> What you will do
Leave the pictures out, and print everything else in the records exactly.

> Given data
== Segment start ==
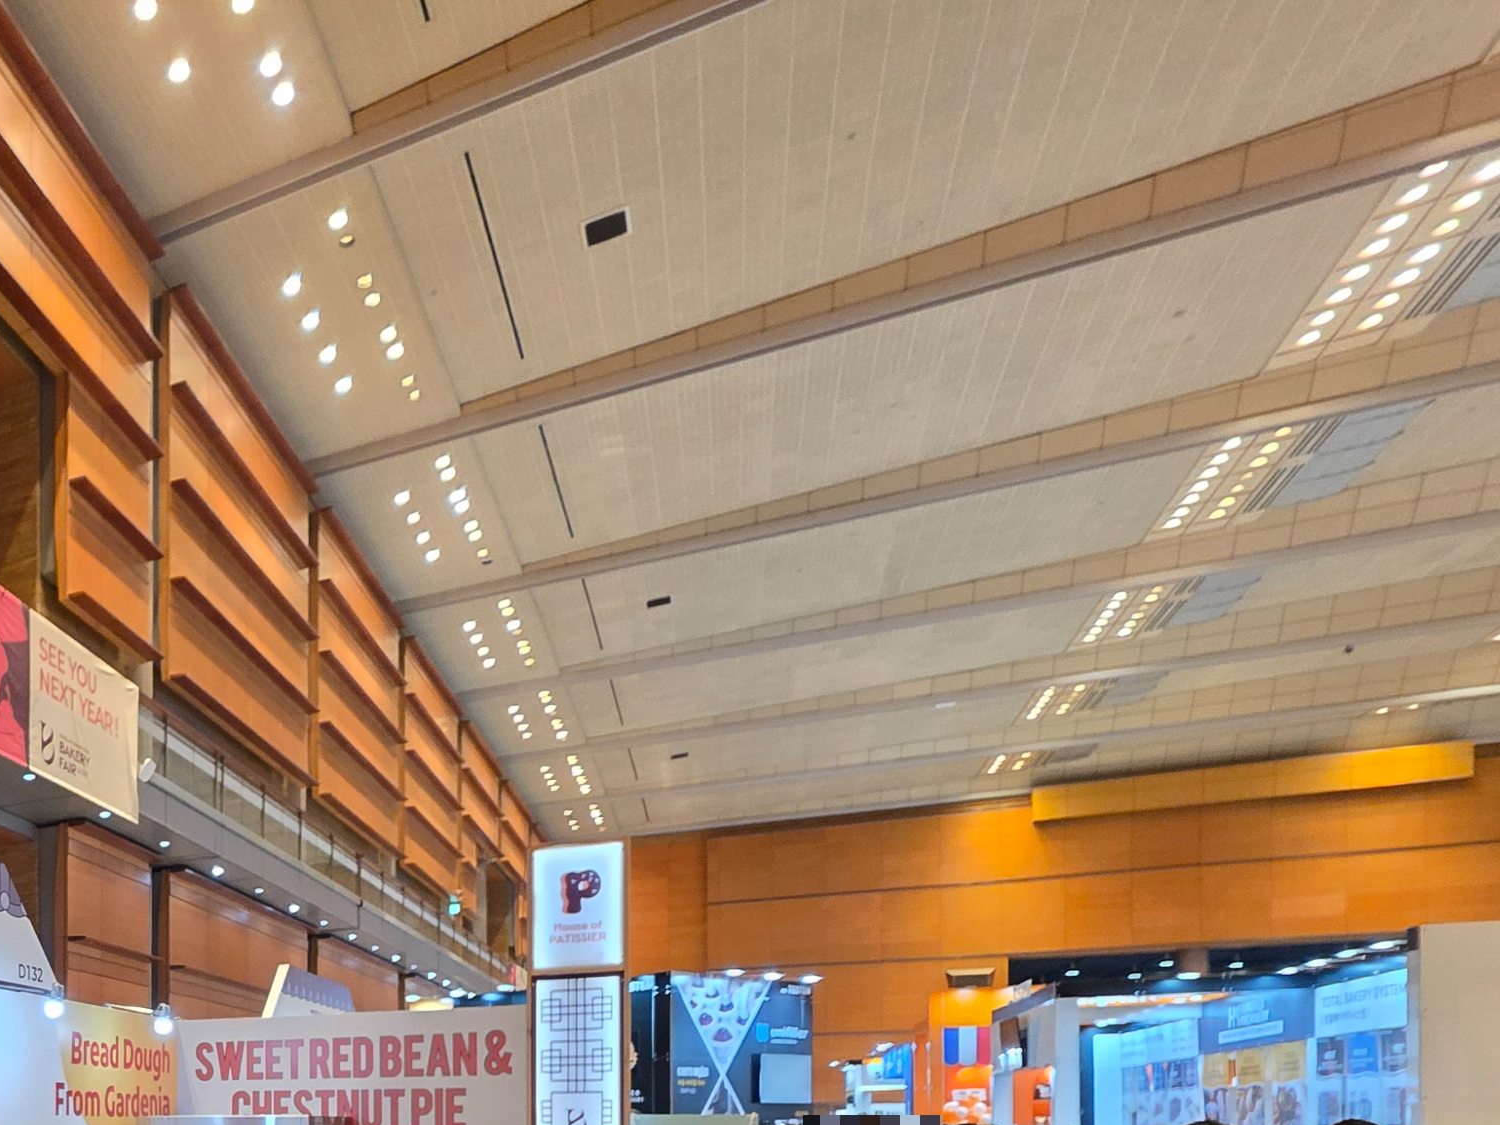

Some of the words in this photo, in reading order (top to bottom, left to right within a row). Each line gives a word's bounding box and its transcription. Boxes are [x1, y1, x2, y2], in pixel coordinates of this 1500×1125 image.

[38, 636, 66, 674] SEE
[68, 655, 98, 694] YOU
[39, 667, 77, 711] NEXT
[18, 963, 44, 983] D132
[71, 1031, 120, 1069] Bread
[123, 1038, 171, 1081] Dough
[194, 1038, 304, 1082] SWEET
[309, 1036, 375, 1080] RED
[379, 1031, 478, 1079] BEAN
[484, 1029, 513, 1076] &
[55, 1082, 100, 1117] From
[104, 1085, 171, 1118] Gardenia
== Segment end ==
> Written response
Some of the words in this photo, in reading order (top to bottom, left to right within a row). Each line gives a word's bounding box and its transcription. Boxes are [x1, y1, x2, y2], in pixel coordinates of this 1500×1125 image.

[38, 636, 66, 674] SEE
[68, 655, 98, 694] YOU
[39, 667, 77, 711] NEXT
[18, 963, 44, 983] D132
[71, 1031, 120, 1069] Bread
[123, 1038, 171, 1081] Dough
[194, 1038, 304, 1082] SWEET
[309, 1036, 375, 1080] RED
[379, 1031, 478, 1079] BEAN
[484, 1029, 513, 1076] &
[55, 1082, 100, 1117] From
[104, 1085, 171, 1118] Gardenia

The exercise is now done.